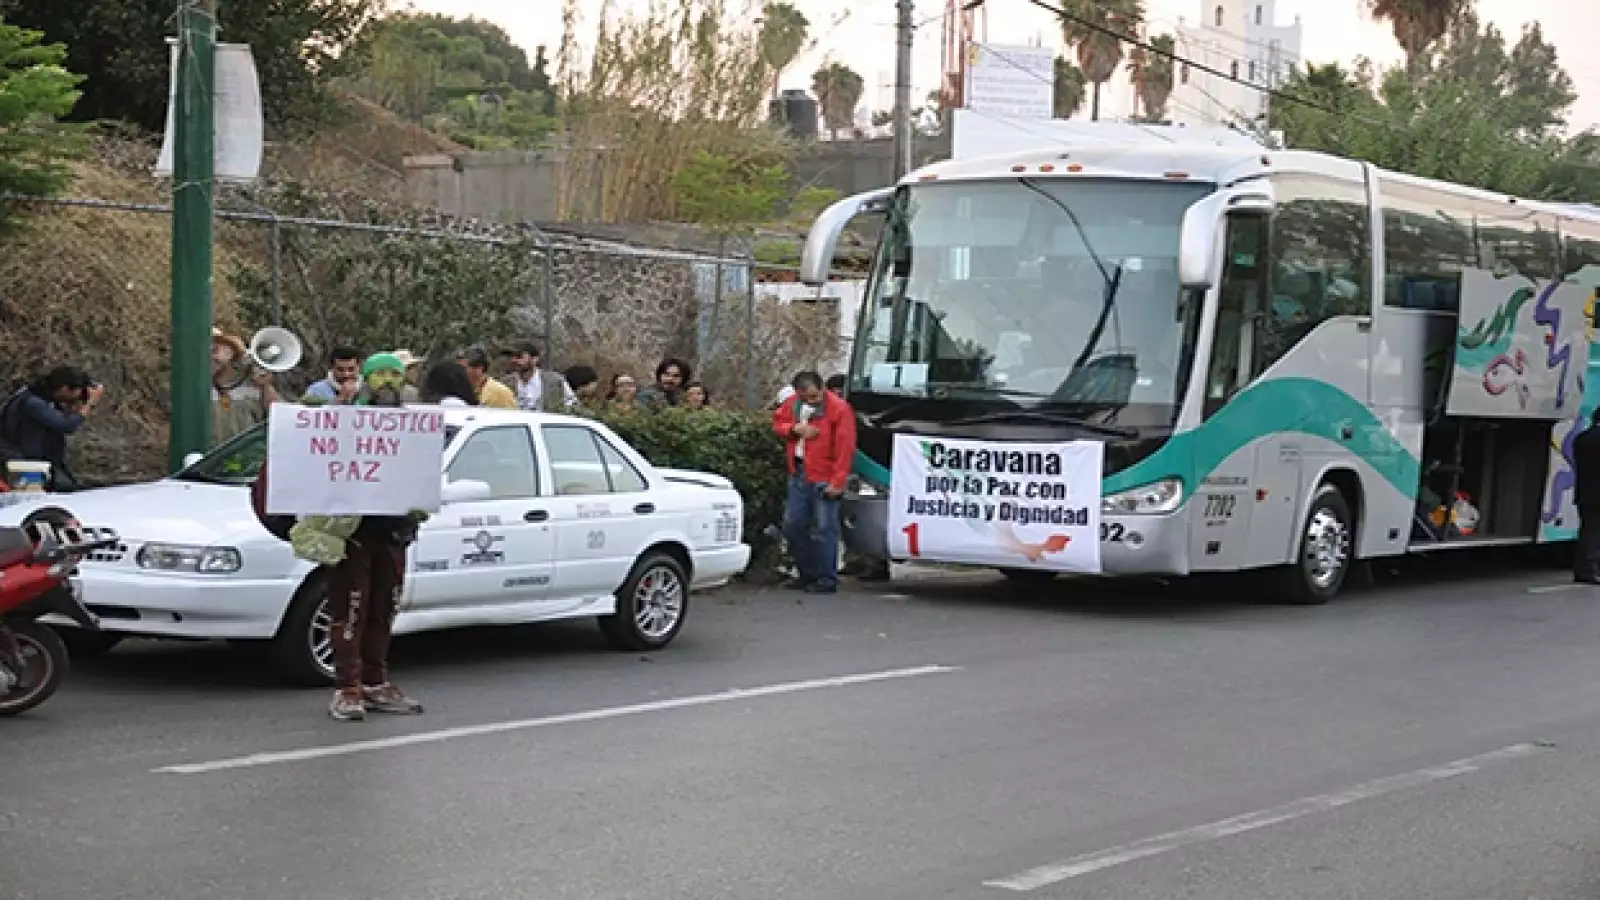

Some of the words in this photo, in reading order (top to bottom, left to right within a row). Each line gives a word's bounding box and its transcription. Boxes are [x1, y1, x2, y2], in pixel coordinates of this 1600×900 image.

[892, 366, 903, 388] 1
[295, 410, 340, 431] SIN
[309, 436, 339, 455] NO
[356, 436, 401, 456] HAY
[930, 442, 1062, 475] Caravana
[328, 460, 381, 482] PAZ
[926, 475, 959, 494] por
[963, 474, 983, 494] la
[987, 476, 1019, 496] Paz
[1025, 480, 1066, 500] con
[907, 494, 980, 519] Justicia
[984, 503, 995, 521] y
[999, 501, 1088, 526] Dignidad
[902, 522, 920, 556] 1
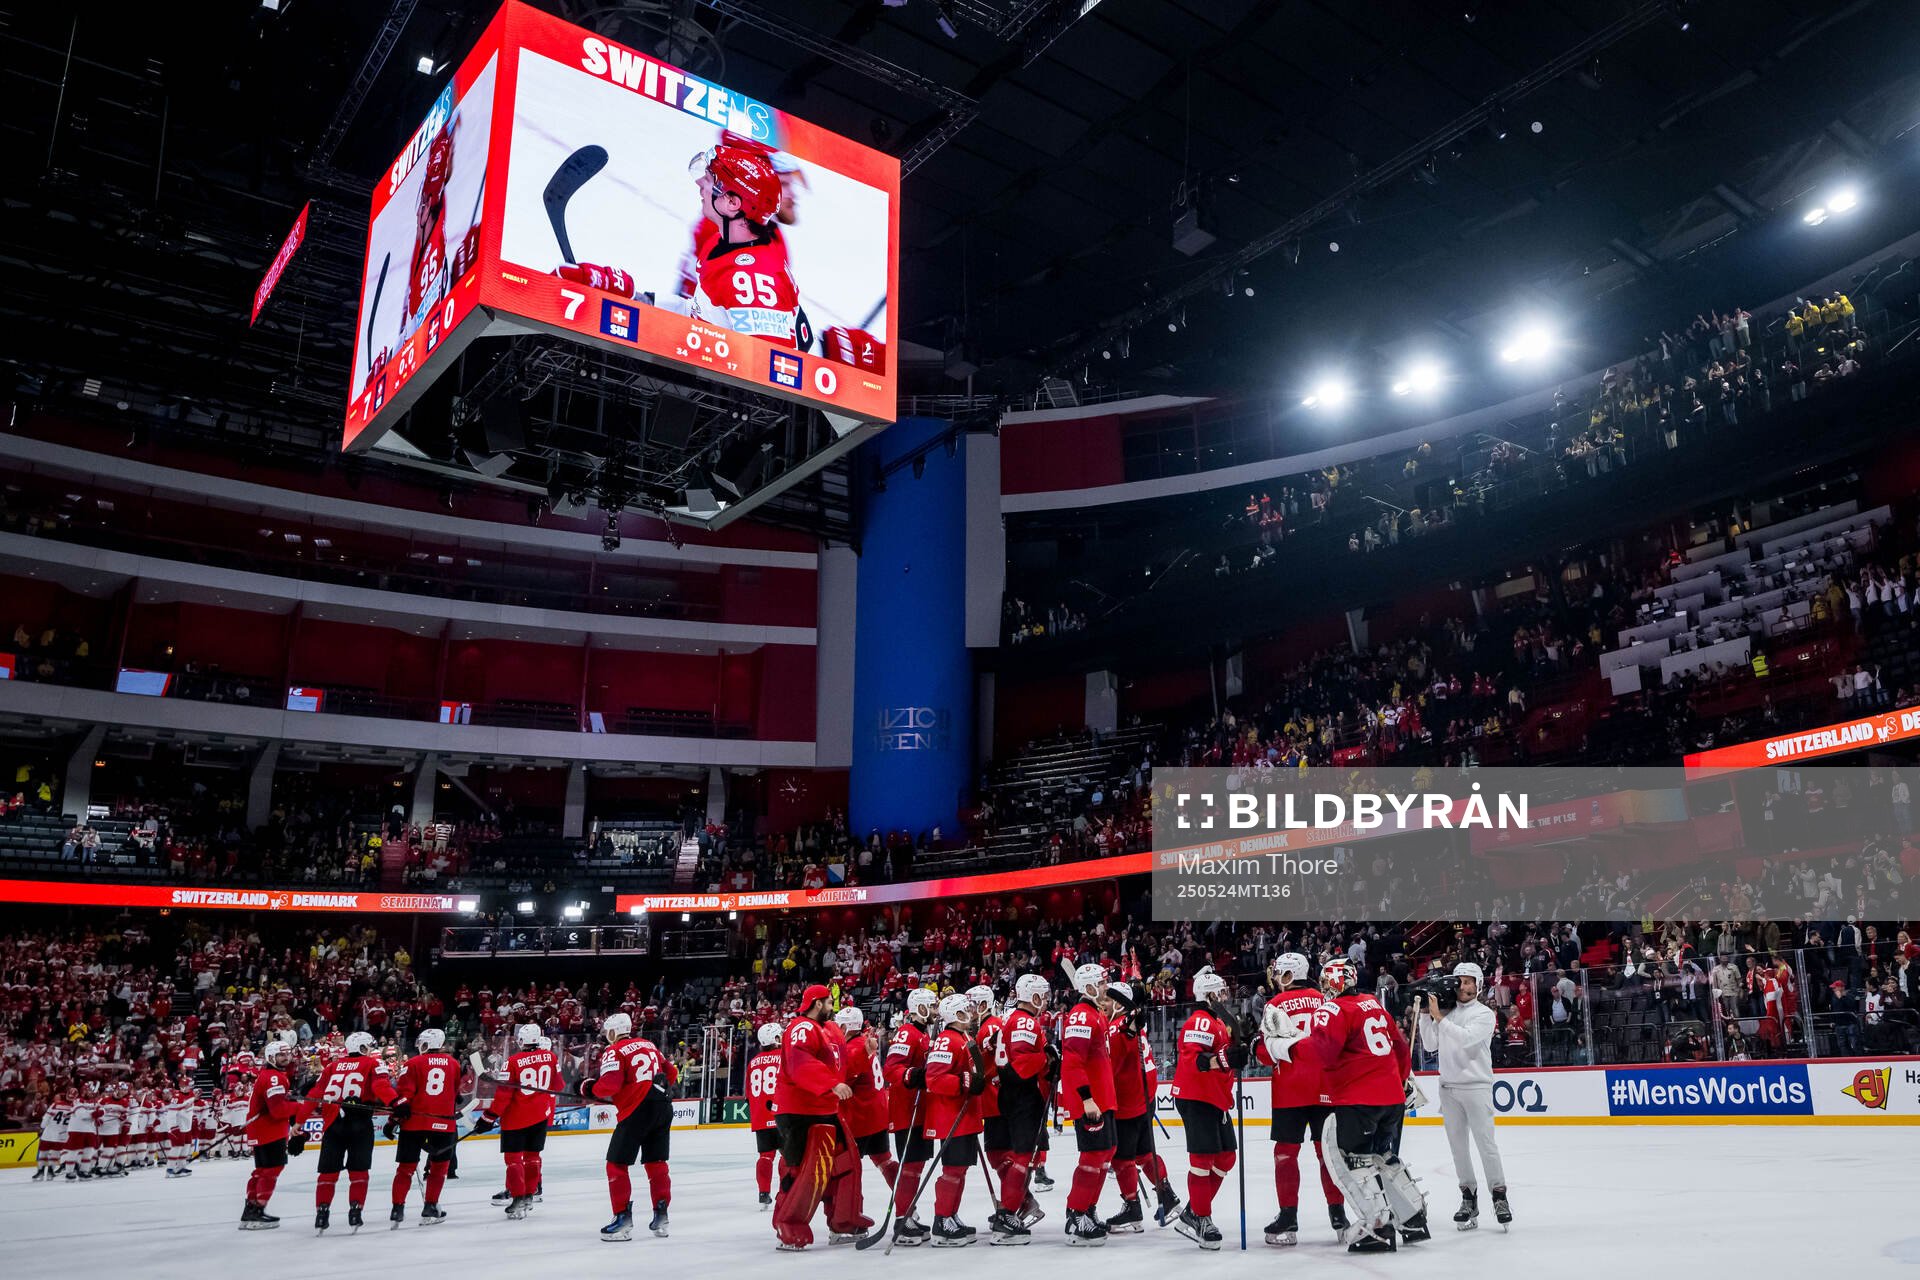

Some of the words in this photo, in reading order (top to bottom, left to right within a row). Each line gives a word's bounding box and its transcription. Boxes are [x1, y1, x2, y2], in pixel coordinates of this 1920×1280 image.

[421, 247, 438, 298] 95
[502, 272, 528, 285] PENALTY
[732, 271, 778, 307] 95
[560, 288, 586, 321] 7
[443, 298, 455, 329] 0
[752, 309, 789, 324] DANSK
[610, 324, 628, 338] SUI
[703, 328, 727, 341] Period
[753, 320, 790, 337] METAL
[726, 361, 738, 371] 17
[814, 366, 837, 395] 0
[1765, 722, 1874, 759] SWITZERLAND
[1240, 834, 1289, 852] DENMARK
[171, 890, 269, 906] SWITZERLAND
[292, 893, 358, 908] DENMARK
[643, 896, 720, 909] SWITZERLAND
[738, 892, 789, 906] DENMARK
[1017, 1017, 1035, 1031] 28
[1069, 1012, 1087, 1025] 54
[1195, 1017, 1211, 1031] 10
[1314, 1011, 1330, 1027] 63
[933, 1037, 950, 1051] 62
[1193, 1033, 1214, 1045] TISSOT
[1363, 1014, 1393, 1057] 6
[517, 1053, 552, 1068] BAECHLER
[602, 1049, 616, 1065] 22
[270, 1075, 279, 1086] 9
[323, 1072, 365, 1101] 56
[425, 1067, 446, 1096] 8
[519, 1064, 552, 1096] 80
[1612, 1075, 1807, 1107] #MensWorlds

**Aim of the exercise:** Leave every image out when you return the material above word for word.

**Answer section:**
Some of the words in this photo, in reading order (top to bottom, left to right within a row). Each line gives a word's bounding box and its transcription. Boxes are [x1, y1, x2, y2], in pixel coordinates of this 1600×900 image.

[892, 366, 903, 388] 1
[295, 410, 340, 431] SIN
[309, 436, 339, 455] NO
[356, 436, 401, 456] HAY
[930, 442, 1062, 475] Caravana
[328, 460, 381, 482] PAZ
[926, 475, 959, 494] por
[963, 474, 983, 494] la
[987, 476, 1019, 496] Paz
[1025, 480, 1066, 500] con
[907, 494, 980, 519] Justicia
[984, 503, 995, 521] y
[999, 501, 1088, 526] Dignidad
[902, 522, 920, 556] 1

Some of the words in this photo, in reading order (top to bottom, left to right within a row). Each line gives a word's bounding box and its transcription. Boxes are [x1, y1, x2, y2], in pixel coordinates of this 1920×1280 image.

[421, 247, 438, 298] 95
[502, 272, 528, 285] PENALTY
[732, 271, 778, 307] 95
[560, 288, 586, 321] 7
[443, 298, 455, 329] 0
[752, 309, 789, 324] DANSK
[610, 324, 628, 338] SUI
[703, 328, 727, 341] Period
[753, 320, 790, 337] METAL
[726, 361, 738, 371] 17
[814, 366, 837, 395] 0
[1765, 722, 1874, 759] SWITZERLAND
[1240, 834, 1289, 852] DENMARK
[171, 890, 269, 906] SWITZERLAND
[292, 893, 358, 908] DENMARK
[643, 896, 720, 909] SWITZERLAND
[738, 892, 789, 906] DENMARK
[1017, 1017, 1035, 1031] 28
[1069, 1012, 1087, 1025] 54
[1195, 1017, 1211, 1031] 10
[1314, 1011, 1330, 1027] 63
[933, 1037, 950, 1051] 62
[1193, 1033, 1214, 1045] TISSOT
[1363, 1014, 1393, 1057] 6
[517, 1053, 552, 1068] BAECHLER
[602, 1049, 616, 1065] 22
[270, 1075, 279, 1086] 9
[323, 1072, 365, 1101] 56
[425, 1067, 446, 1096] 8
[519, 1064, 552, 1096] 80
[1612, 1075, 1807, 1107] #MensWorlds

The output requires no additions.